- YouTube/MPRGOID
Kepala Sekolah Berkomentar Menohok soal Lomba Cerdas Cermat MPR: SMAN 1 Sambas Terpojok
Jakarta, tvOnenews.com - Kepala Sekolah SMAN 1 Sambas, Syafaruddin lontarkan komentar menohok terkait Lomba Cerdas Cermat (LCC) Empat Pilar tingkat Provinsi Kalimantan Barat (Kalbar).
Seperti diketahui, lomba cerdas cermat MPR ini viral karena diduga jurinya tidak adil dan MPR bakal mengulang final lomba tersebut.
Sontak, insiden ini menyedot perhatian publik, hingga menuai komentar dari berbagai kalangan.
Bahkan baru-baru ini, Kepala Sekolah SMAN 1 Sambas, Syafaruddin angkat bicara. Kata dia, pihaknya menghormati segala keputusan dari MPR pasca polemik terjadi.
- YouTube/MPRGOID
Kendati demikian, Syafaruddin mengatakan bahwa pihak penyelenggara dinilai abai untuk meluruskan terkait segala tuduhan yang ditujukan kepada SMAN 1 Sambas.
Sebagai informasi, SMAN 1 Sambas ditetapkan sebagai juara dan berhak untuk mewakili Kalbar dalam perlombaan tingkat nasional.
"Mengapresiasi usaha MPR RI sebagai penyelenggara untuk mengatasi polemik yang muncul pada kegiatan LCC 4 Pilar MPR RI 2026. Namun menyayangkan abainya penyelenggara dalam meluruskan informasi terkait polemik ini sehingga SMAN 1 Sambas terus menerus terpojok," ucap Syafaruddin dikutip dari akun Instagram SMAN 1 Sambas, Sabtu (16/5/2026).
Namun, meski menghormati, Syafaruddin menegaskan pihaknya menolak untuk ikut dalam tanding ulang seperti apa yang menjadi keputusan resmi dari MPR.
"SMAN 1 Sambas menolak pertandingan final ulang tingkat Provinsi Kalimantan Barat," jelasnya.
Bahkan, ia membantah terkait tuduhan bahwa predikat juara yang disandang SMAN 1 Sambas buntut adanya kecurngan, penyuapan, hingga settingan.
Dia menegaskan pihaknya telah mengikuti segala aturan yang telah ditetapkan pihak penyelenggara selama kompetisi digelar.

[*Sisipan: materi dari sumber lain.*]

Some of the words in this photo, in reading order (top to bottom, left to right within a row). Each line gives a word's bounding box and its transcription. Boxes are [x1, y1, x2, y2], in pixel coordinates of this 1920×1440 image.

"Meyakini bahwa peseta LCC 4 Pilar dari SMAN 1 Sambas telah berkompetisi sesuai tata tertib yang telah ditetapkan panitian dan disepakati seluruh peserta lomba," katanya.

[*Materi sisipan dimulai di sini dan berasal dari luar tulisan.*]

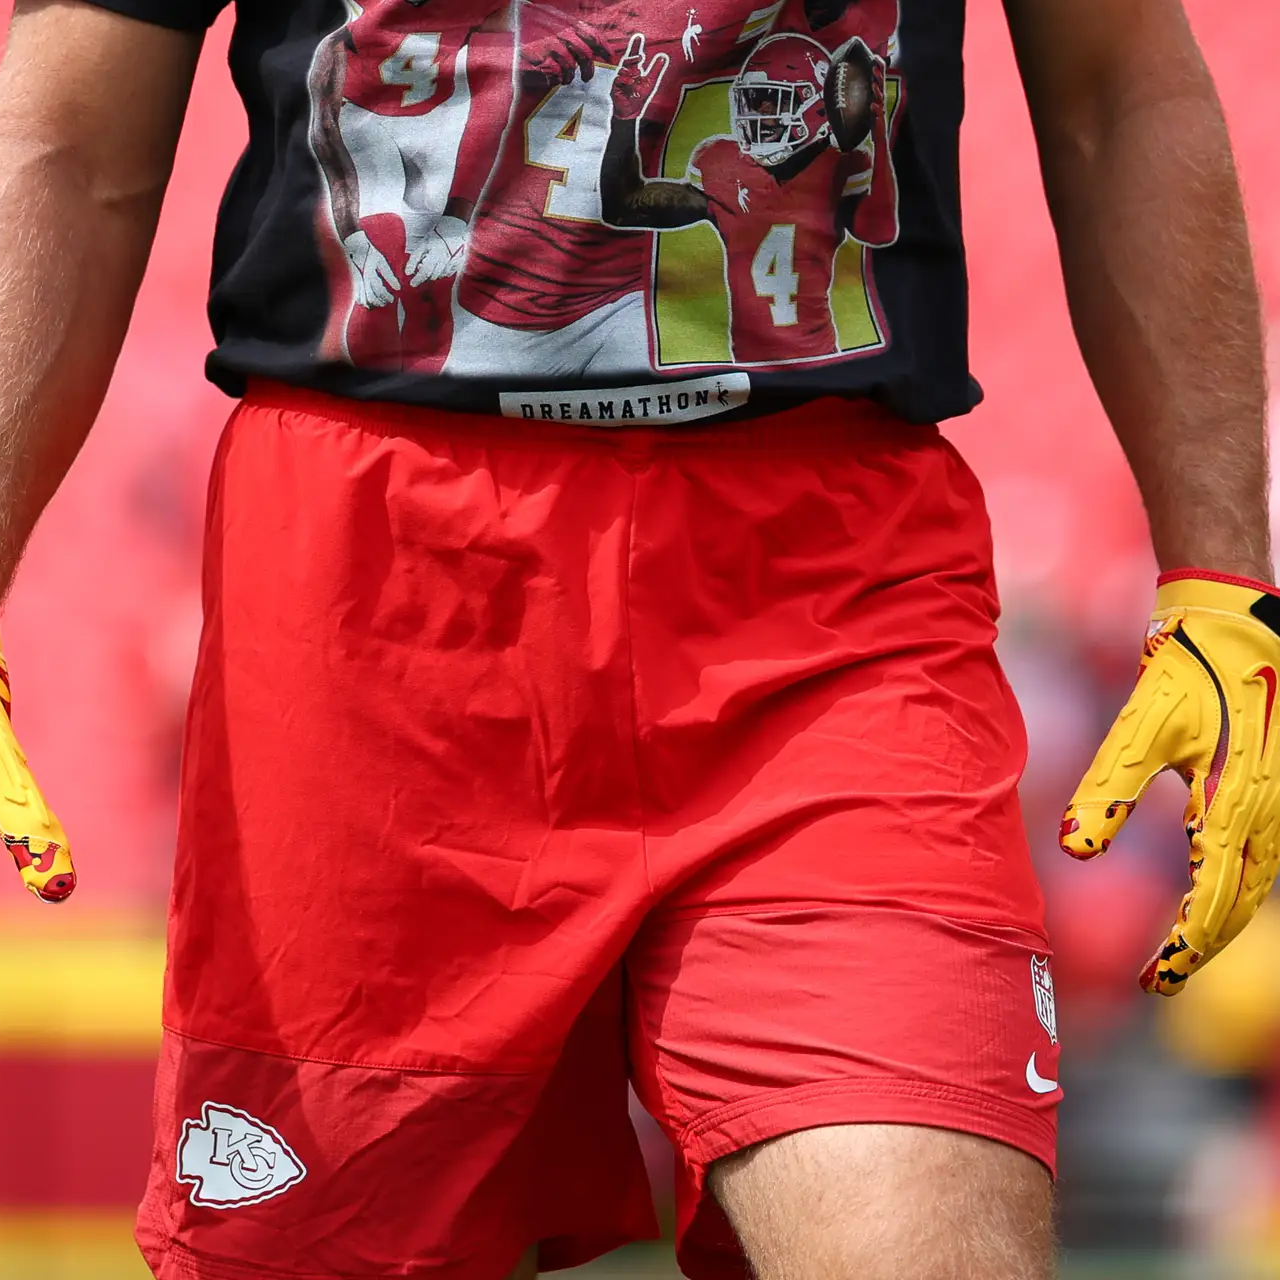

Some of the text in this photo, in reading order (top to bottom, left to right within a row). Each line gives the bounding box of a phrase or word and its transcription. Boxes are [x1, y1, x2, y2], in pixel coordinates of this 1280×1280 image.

[378, 32, 442, 107] 4
[523, 60, 619, 223] 4
[750, 223, 797, 328] 4
[520, 389, 710, 420] DREAMATHON
[209, 1127, 276, 1190] KC

Selain itu, Syafaruddin mengeklaim adanya tuduhan hingga narasi tidak benar yang tidak hanya ditujukan kepada SMAN 1 Sambas sebagai institusi pendidikan tetapi juga individu di dalamnya seperti guru, staf, hingga alumni.
Dia menyebut pihak-pihak yang dimaksud tersebut mengalami tekanan psikologis.
"Mengecam munculnya berbagai bentuk opini, narasi, tuduhan, maupun tindakan di media sosial yang menyerang sekolah, dewan guru beserta TU, murid, dan bahkan ke alumni."
"Tindakan ini telah mencemarkan nama baik SMAN 1 Sambas, menimbulkan tekanan psikologis kepada pihak yang terdampak serta memperkeruh suasana," jelas Syafaruddin.
Alhasil, Syafaruddin mendesak agar penyelenggara memulihkan nama baik SMAN 1 Sambas dan menjamin keamanan bagi peserta sebelum terbang ke Jakarta untuk mengikuti LCC Empat Pilar tingkat nasional.
"Kami mendesak pihak penyelenggara untuk memulihkan kembali nama baik SMAN 1 Sambas dan memberikan jaminan keamanan terkait kondisi psikis murid sebelum kami mewakili Kalbar pada kegiatan LCC 4 Pilar MPR RI 2026 di tingkat nasional," pungkasnya.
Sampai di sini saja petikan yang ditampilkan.